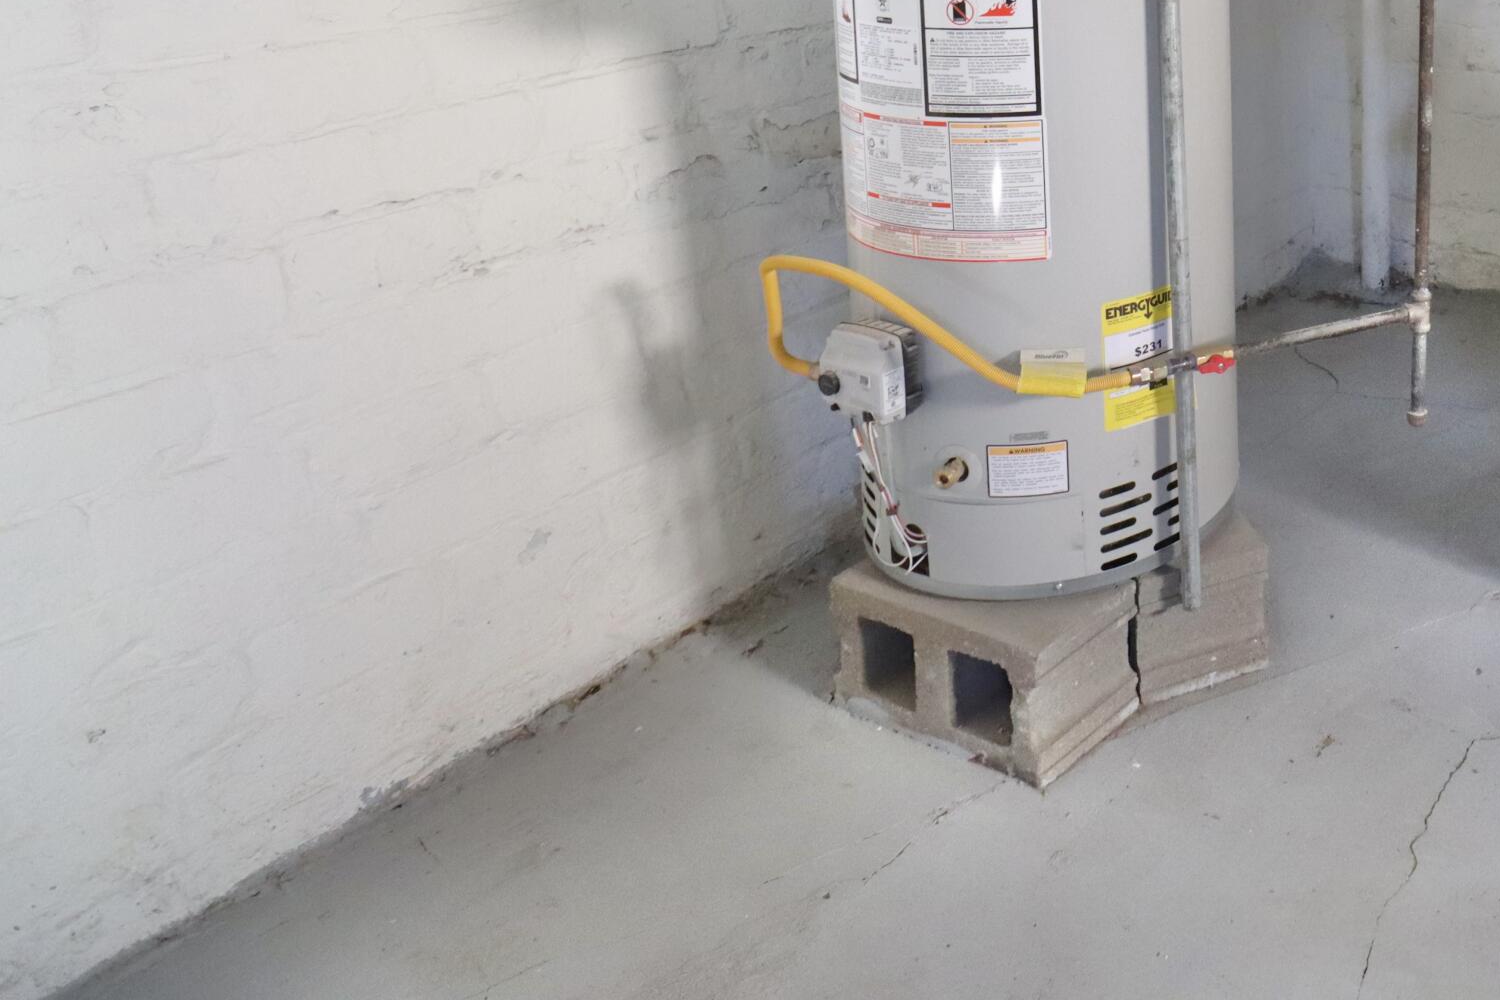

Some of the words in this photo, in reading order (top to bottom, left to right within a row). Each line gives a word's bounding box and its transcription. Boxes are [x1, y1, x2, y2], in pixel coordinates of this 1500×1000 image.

[1105, 290, 1172, 321] ENERGYGUI
[1134, 338, 1163, 357] $231
[1014, 446, 1046, 455] WARNING
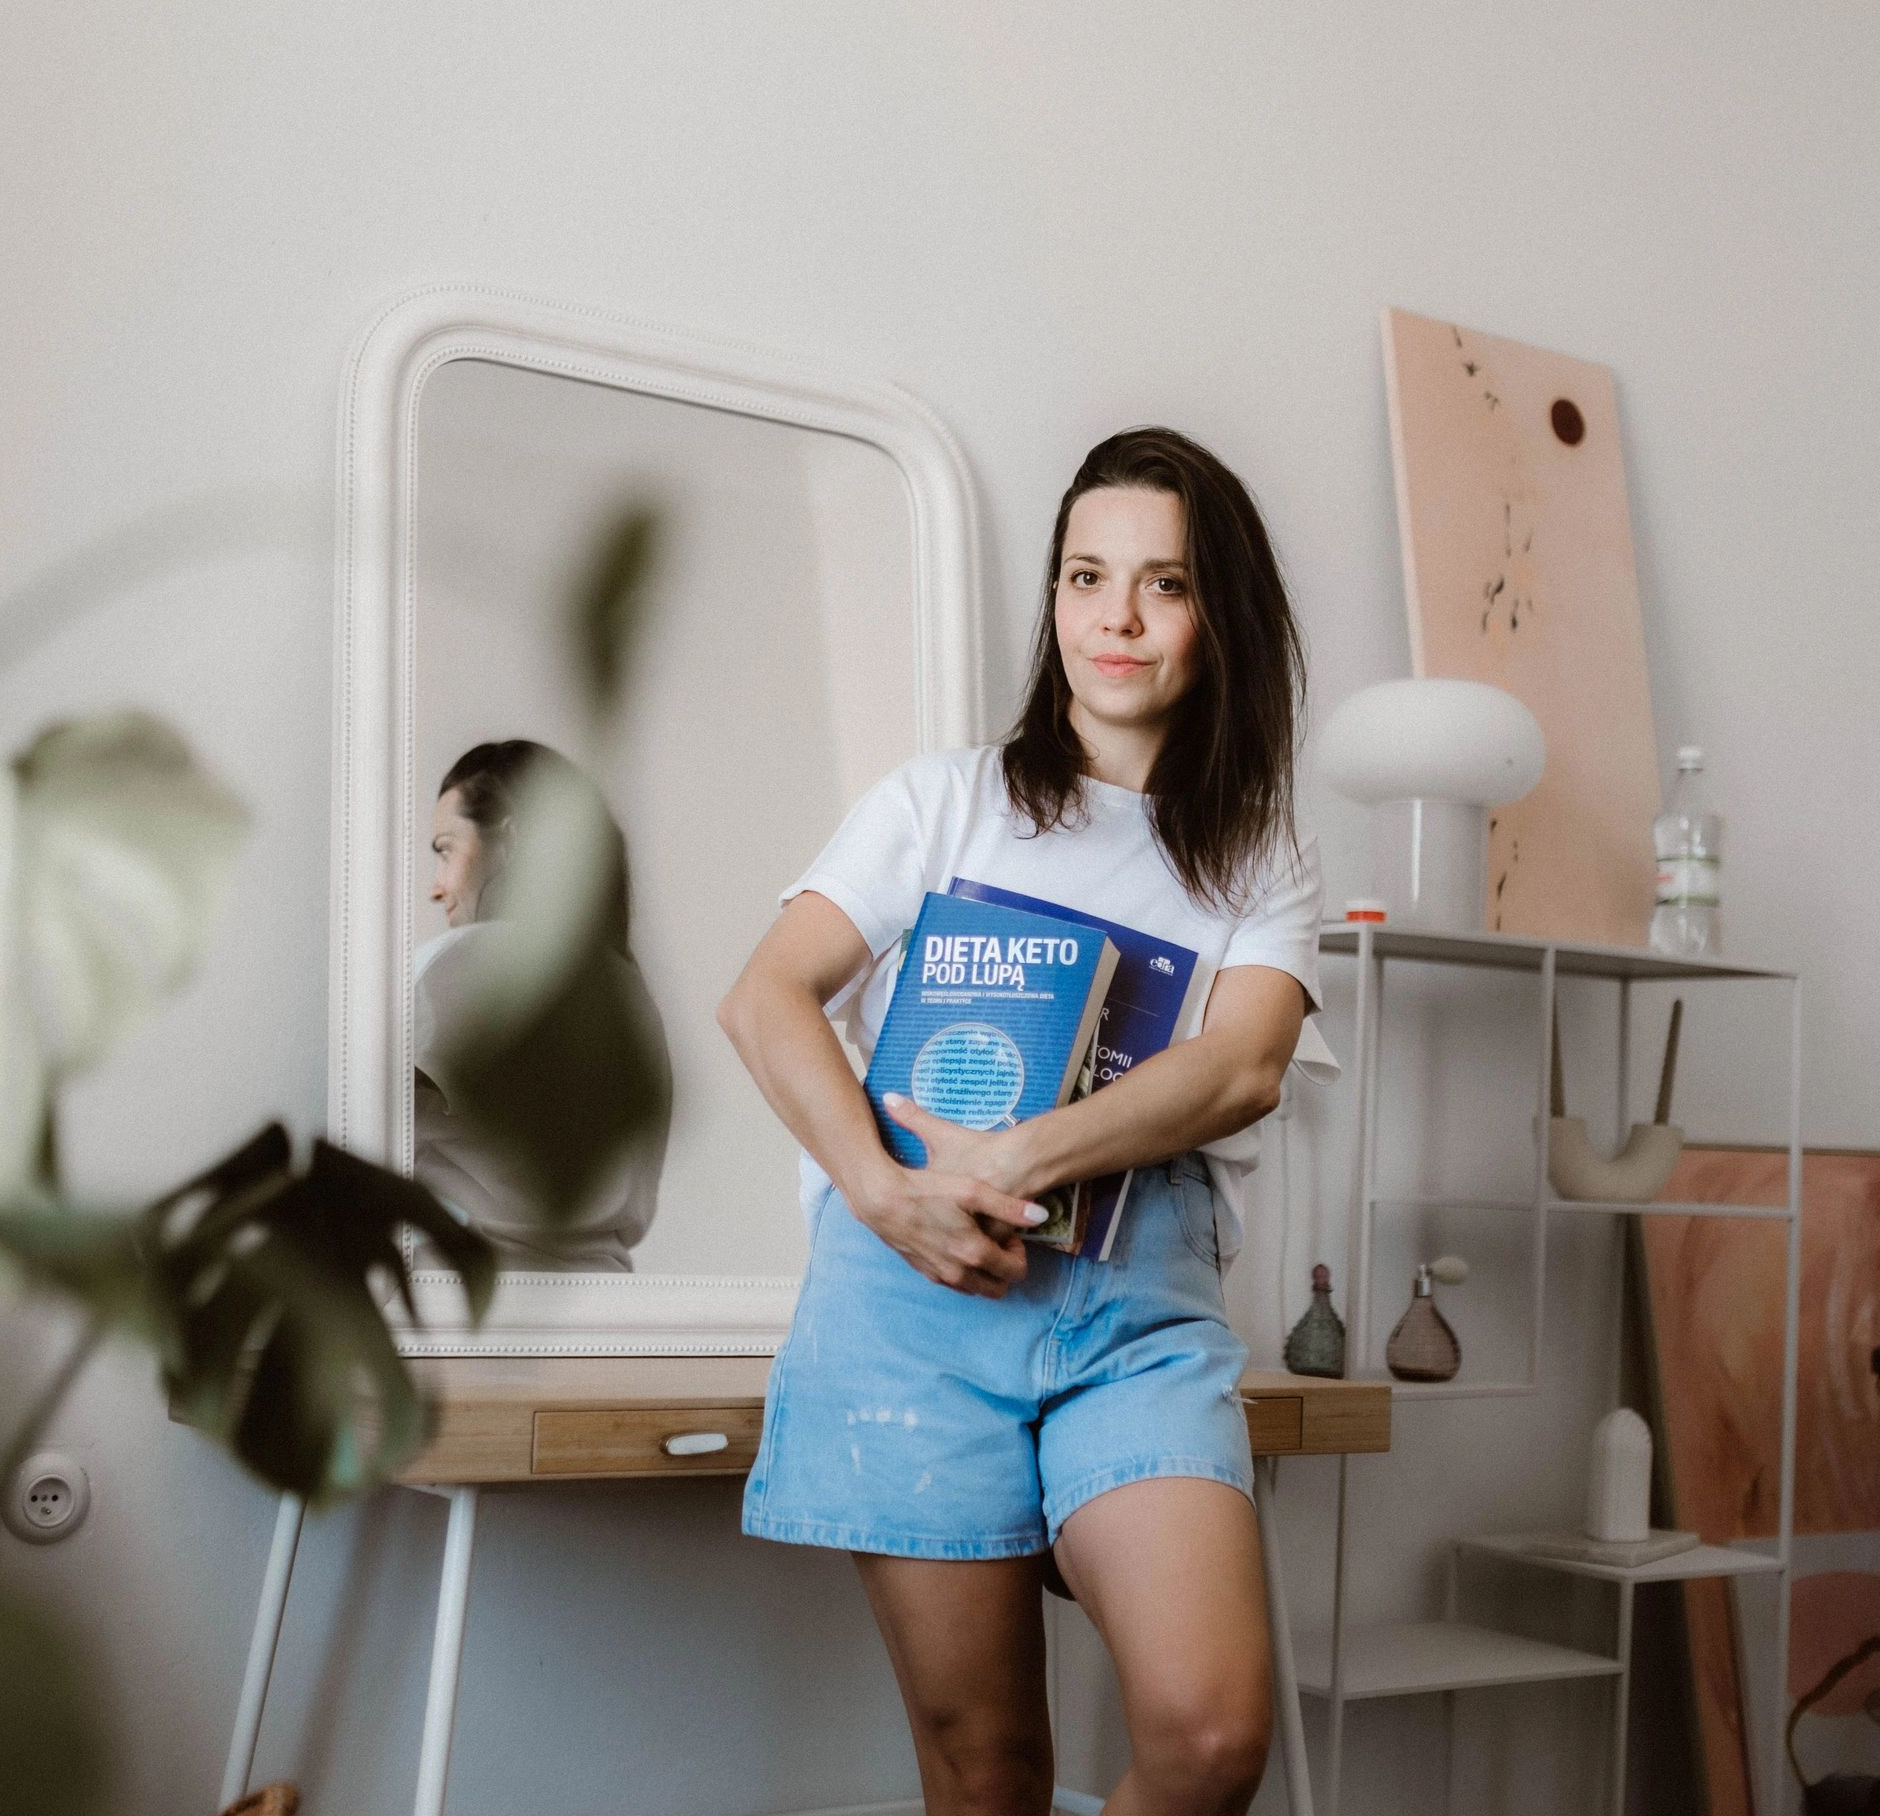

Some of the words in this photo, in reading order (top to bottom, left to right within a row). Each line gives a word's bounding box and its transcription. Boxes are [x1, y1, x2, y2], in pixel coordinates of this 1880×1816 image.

[924, 936, 1001, 963] DIETA
[1007, 937, 1079, 966] KETO
[922, 963, 966, 985] POD
[971, 964, 1025, 991] LUPĄ
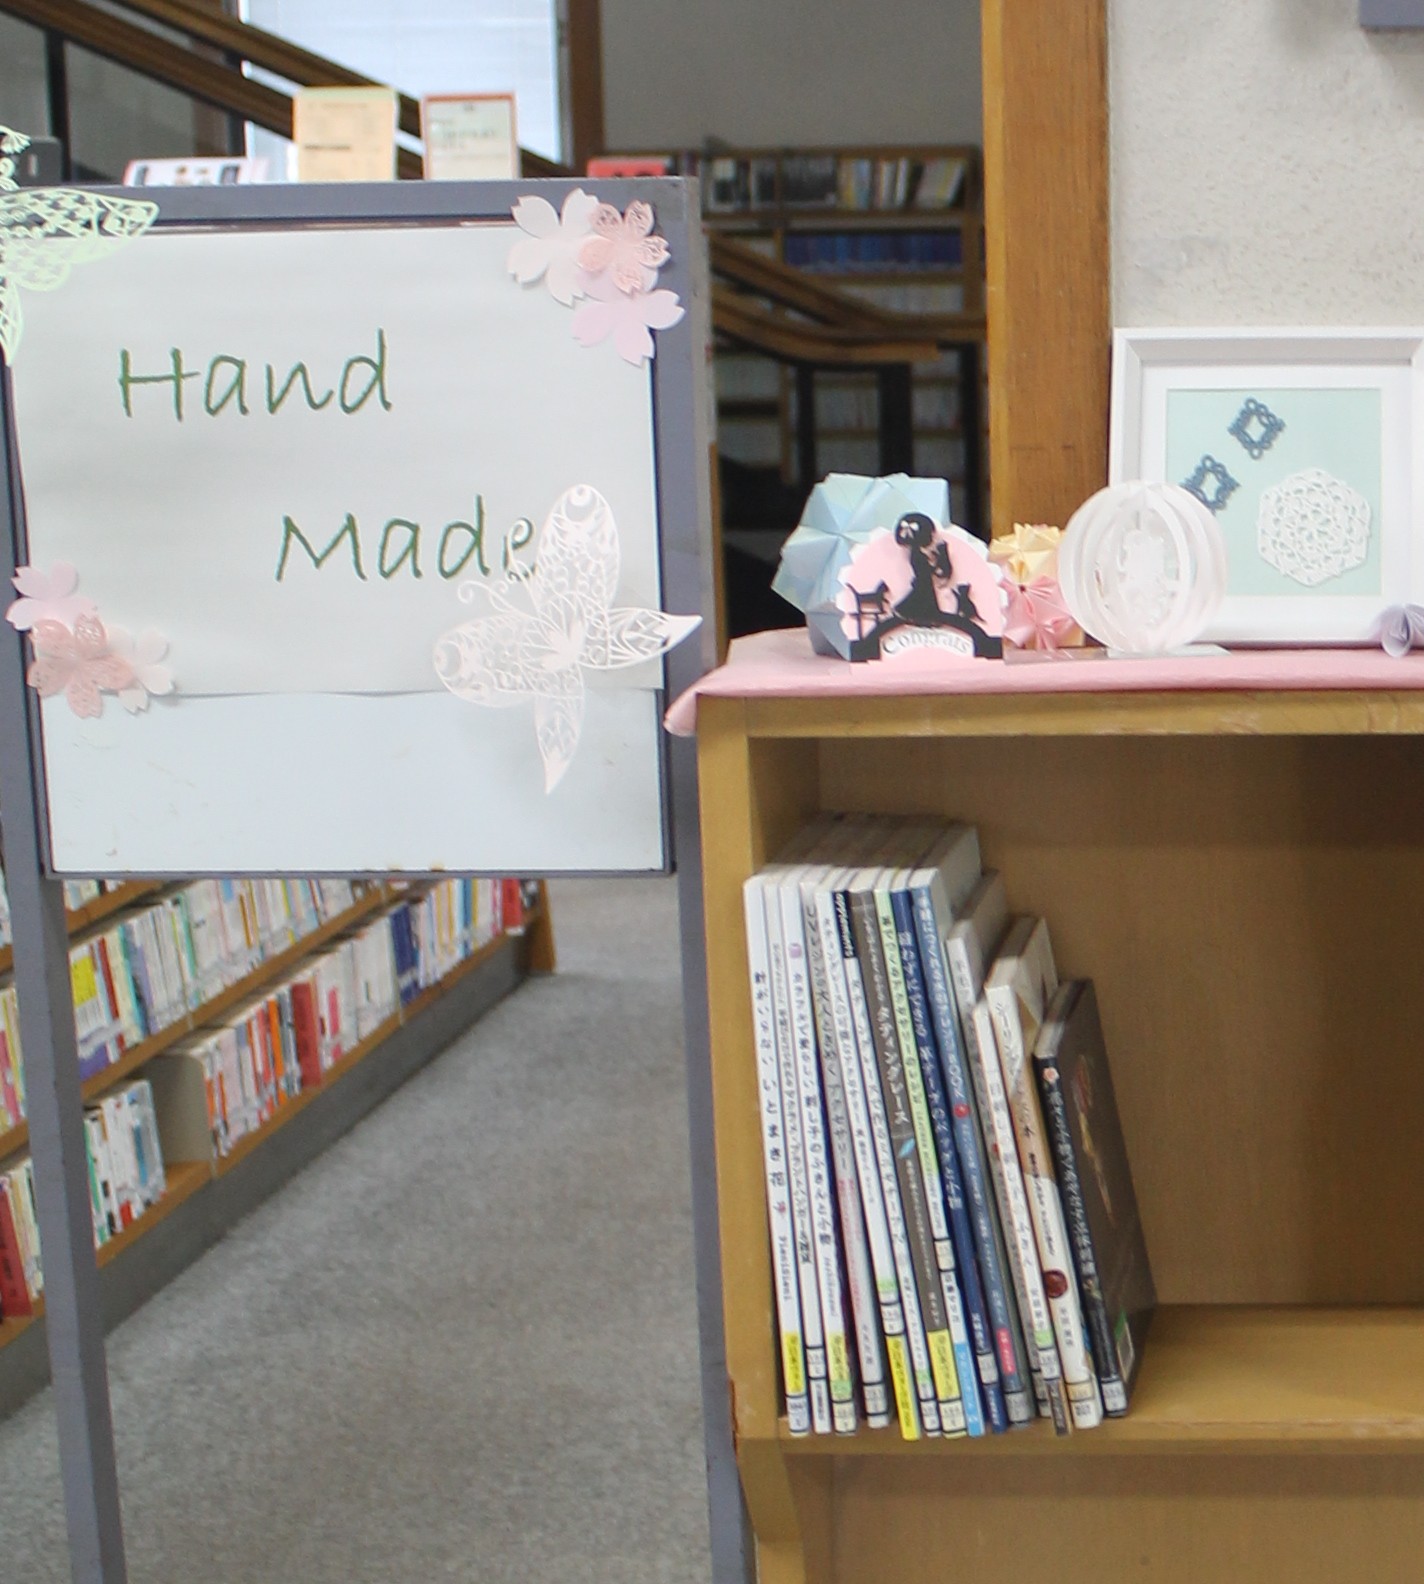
#####
WHAT IS EXPECTED> Wording must stay exact. Give again the lines from the line with "this 1880×1816 image." through the last line of the listing, both ends included, without pictures.

YOUR RESPONSE>
Some of the words in this photo, in reading order (top to bottom, left to right within a row). Each line gives a word's bounding box and its transcription. Boxes are [x1, y1, x2, y2], in pixel coordinates of this 1880×1816 image.

[924, 936, 1001, 963] DIETA
[1007, 937, 1079, 966] KETO
[922, 963, 966, 985] POD
[971, 964, 1025, 991] LUPĄ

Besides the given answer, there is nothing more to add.